Ontem colocávamos as máscaras de Carnaval e a verdade é que, muitas vezes, nunca as chegamos a tirar! São as máscaras que usamos no dia-a-dia diante dos nós mesmos, dos outros e também diante de Deus, atrás das quais escondemos medos, inseguranças e fragilidades. Quando, no dia 20 de Maio de 1521, Inácio de Loyola perdia a grande batalha da sua carreira, ferido por uma bala de canhão, começava aí o seu trabalho interior de desmascarar a sua imagem de cavaleiro invencível para dar início a uma vida nova em Cristo. A ferida na perna ecoou na vida deste soldado como as palavras que acompanham o gesto da imposição das cinzas: «Lembra-te que és pó da terra e à terra hás-de voltar”.
Hoje somos também chamados a tirar as máscaras do orgulho, da auto-suficiência e da aparência para nos vermos como somos na realidade: criaturas frágeis e mortais.

Impor as cinzas na cabeça invoca em nós a experiência da finitude da vida humana. Tocamos a consciência da nossa própria fragilidade, da nossa pequenez e a consciência de que só em Deus temos a porta segura para a vida que não tem fim. A invasão da Ucrânia pela Rússia e a incerteza da dimensão deste conflito bélico traz um reconhecimento ainda maior dos nossos limites e lembra-nos quem somos mesmo pó, criaturas vulneráveis. Mas é na fraqueza que se revela a força de Deus, como diz São Paulo, e o que estamos a viver pede-nos para agarrarmos o mundo na sua fragilidade para o reconstruirmos a partir do olhar em Cristo.

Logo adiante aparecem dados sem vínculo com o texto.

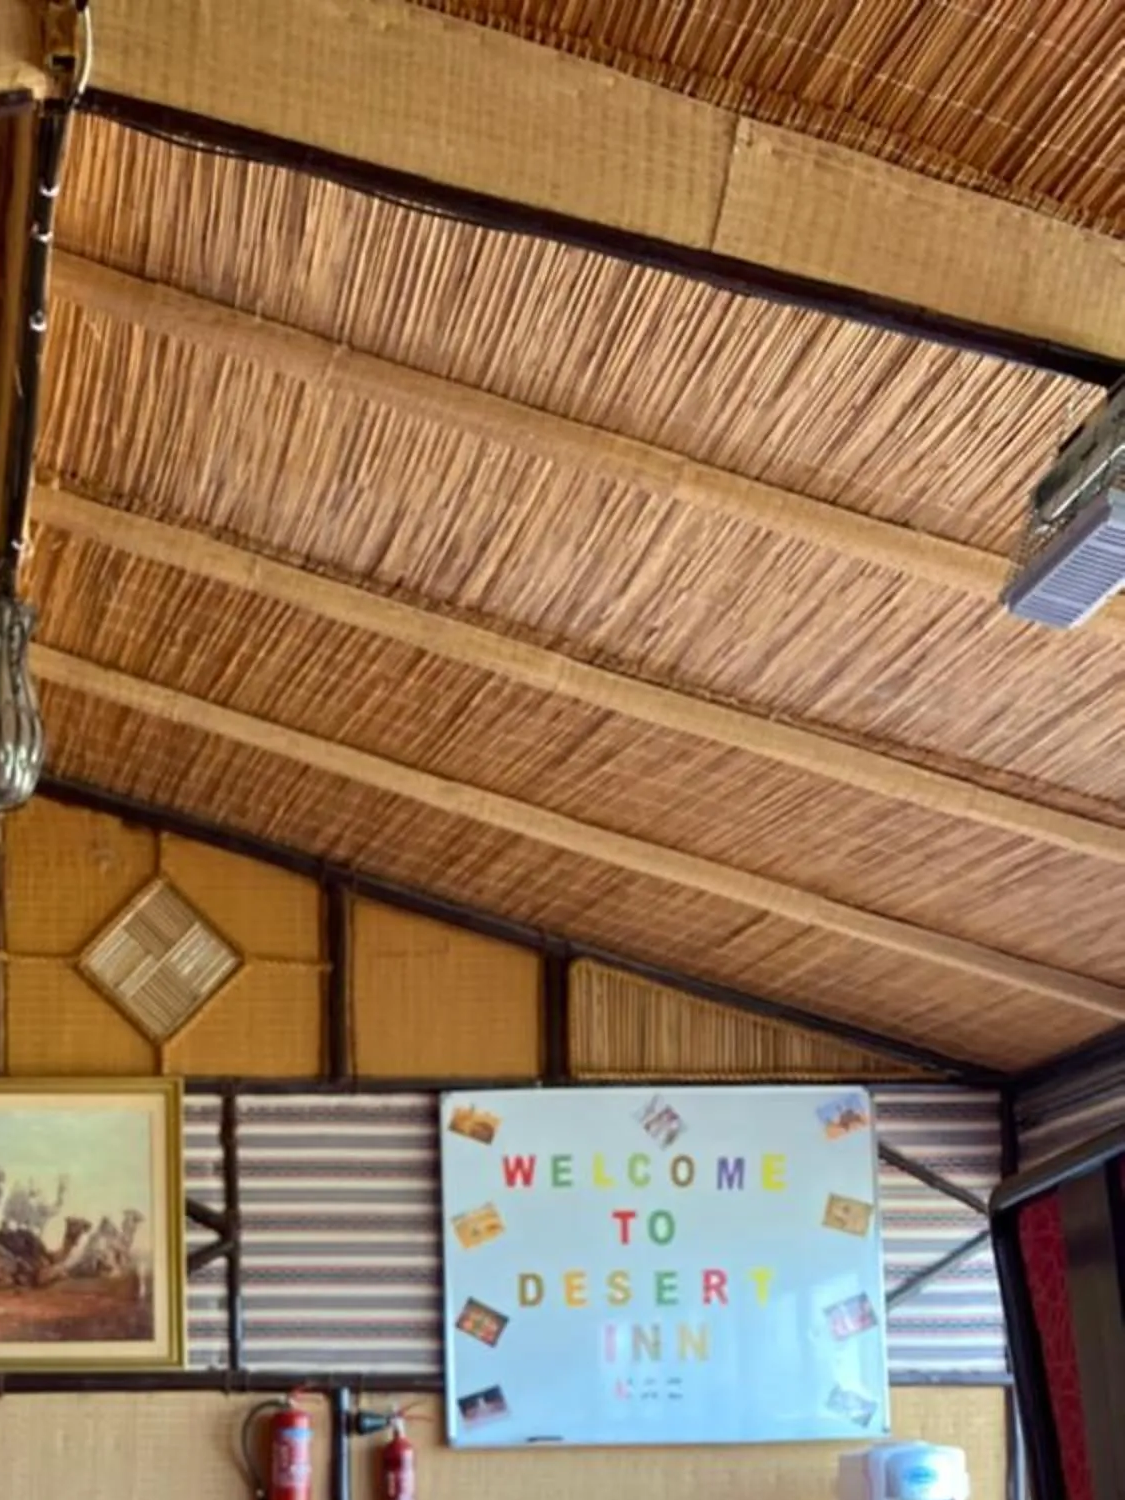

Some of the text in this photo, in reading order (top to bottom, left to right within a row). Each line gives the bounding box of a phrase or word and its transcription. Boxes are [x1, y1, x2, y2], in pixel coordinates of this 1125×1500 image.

Os meios que a Igreja nos propõe para a conversão interior encontram-se na Liturgia da Palavra desta Quarta-feira de Cinzas: jejum, esmola e oração.
São propostas apresentadas por Jesus como exercícios práticos de quem vai a um ginásio para se pôr em forma na vida espiritual.
O jejum desafia-nos a centrarmo-nos no essencial e a renunciar ao secundário. Consumimos muitos bens, imagens, ruídos, e o jejum educa a nossa vontade para a liberdade.
A par do tradicional jejum de alimento, devemos fazer jejum de excesso de tempo passado nas redes sociais para estarmos fisicamente mais uns com os outros, de tanto cuidado com a própria imagem para olharmos mais para a comunhão, de híper-activismo para aprender a viver mais devagar.
De seguida, a esmola desafia-nos a partilhar os bens que temos e que chamamos “nossos” para aprender a partilhar o que temos em excesso, mas sobretudo o que até nos faz falta, mas é essencial para alguém.
A esmola torna-nos solidários e sensíveis aos mais pobres, pede reconhecimento das necessidades de quem mais sofre e compromisso em caminhamos todos juntos.
Por fim, a oração desafia-nos a sintonizar mais com Deus, a afinar os critérios com que decidimos na vida a partir dos critérios do Evangelho e a crescer na amizade com Jesus.

É neste olhar novo sobre a renúncia e a liberdade, a oferta e a partilha, o silêncio e a relação, que se começa a transformar o coração. Como posso jejuar, dar esmola e rezar melhor?